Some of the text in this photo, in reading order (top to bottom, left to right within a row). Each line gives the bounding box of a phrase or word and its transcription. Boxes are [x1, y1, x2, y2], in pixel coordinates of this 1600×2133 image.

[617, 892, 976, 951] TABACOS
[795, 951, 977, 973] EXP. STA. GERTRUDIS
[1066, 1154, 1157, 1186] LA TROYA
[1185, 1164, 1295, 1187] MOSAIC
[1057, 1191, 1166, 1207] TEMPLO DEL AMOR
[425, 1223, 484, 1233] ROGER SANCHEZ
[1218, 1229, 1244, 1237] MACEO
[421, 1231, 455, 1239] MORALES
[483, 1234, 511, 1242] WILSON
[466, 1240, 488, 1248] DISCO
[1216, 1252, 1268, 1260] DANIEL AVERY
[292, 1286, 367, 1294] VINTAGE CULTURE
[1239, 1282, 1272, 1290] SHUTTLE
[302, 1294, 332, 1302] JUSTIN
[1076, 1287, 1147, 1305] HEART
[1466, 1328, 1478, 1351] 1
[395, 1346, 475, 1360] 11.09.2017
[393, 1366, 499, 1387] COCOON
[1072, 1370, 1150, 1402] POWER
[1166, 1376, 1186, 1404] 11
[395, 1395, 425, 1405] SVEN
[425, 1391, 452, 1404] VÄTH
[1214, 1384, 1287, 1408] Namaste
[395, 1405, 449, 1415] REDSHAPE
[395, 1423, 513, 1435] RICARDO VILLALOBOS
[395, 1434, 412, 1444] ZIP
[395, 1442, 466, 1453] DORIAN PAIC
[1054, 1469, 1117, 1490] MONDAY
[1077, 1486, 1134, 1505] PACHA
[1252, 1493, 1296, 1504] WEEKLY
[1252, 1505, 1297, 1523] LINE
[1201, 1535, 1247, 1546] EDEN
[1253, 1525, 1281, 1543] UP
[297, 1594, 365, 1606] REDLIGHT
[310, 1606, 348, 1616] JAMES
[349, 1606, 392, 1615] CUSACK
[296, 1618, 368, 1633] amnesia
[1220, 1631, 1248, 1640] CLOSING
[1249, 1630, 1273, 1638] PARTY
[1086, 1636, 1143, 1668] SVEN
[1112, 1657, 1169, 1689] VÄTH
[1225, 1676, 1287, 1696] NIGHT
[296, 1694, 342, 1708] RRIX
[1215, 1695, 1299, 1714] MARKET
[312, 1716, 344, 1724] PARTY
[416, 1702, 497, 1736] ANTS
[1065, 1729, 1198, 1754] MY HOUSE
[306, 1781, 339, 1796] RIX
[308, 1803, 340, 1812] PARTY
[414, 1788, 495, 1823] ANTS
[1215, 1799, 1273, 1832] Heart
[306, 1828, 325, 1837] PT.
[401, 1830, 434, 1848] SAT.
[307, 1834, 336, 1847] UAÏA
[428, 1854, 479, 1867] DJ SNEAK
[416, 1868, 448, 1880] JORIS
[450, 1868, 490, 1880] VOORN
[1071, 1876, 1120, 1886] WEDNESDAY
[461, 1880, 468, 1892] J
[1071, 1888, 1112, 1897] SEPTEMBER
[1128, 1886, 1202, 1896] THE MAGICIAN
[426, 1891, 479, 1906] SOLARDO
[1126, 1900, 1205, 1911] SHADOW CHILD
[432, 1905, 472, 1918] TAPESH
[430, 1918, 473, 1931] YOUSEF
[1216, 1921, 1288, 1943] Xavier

┄┄┄┄┄┄┄┄┄┄┄┄┄┄┄┄┄┄┄┄

What you are asked to do -> Each line from the material above that mentions the word "ANTS" needs to be copied.

Exercise answer ->
[416, 1702, 497, 1736] ANTS
[414, 1788, 495, 1823] ANTS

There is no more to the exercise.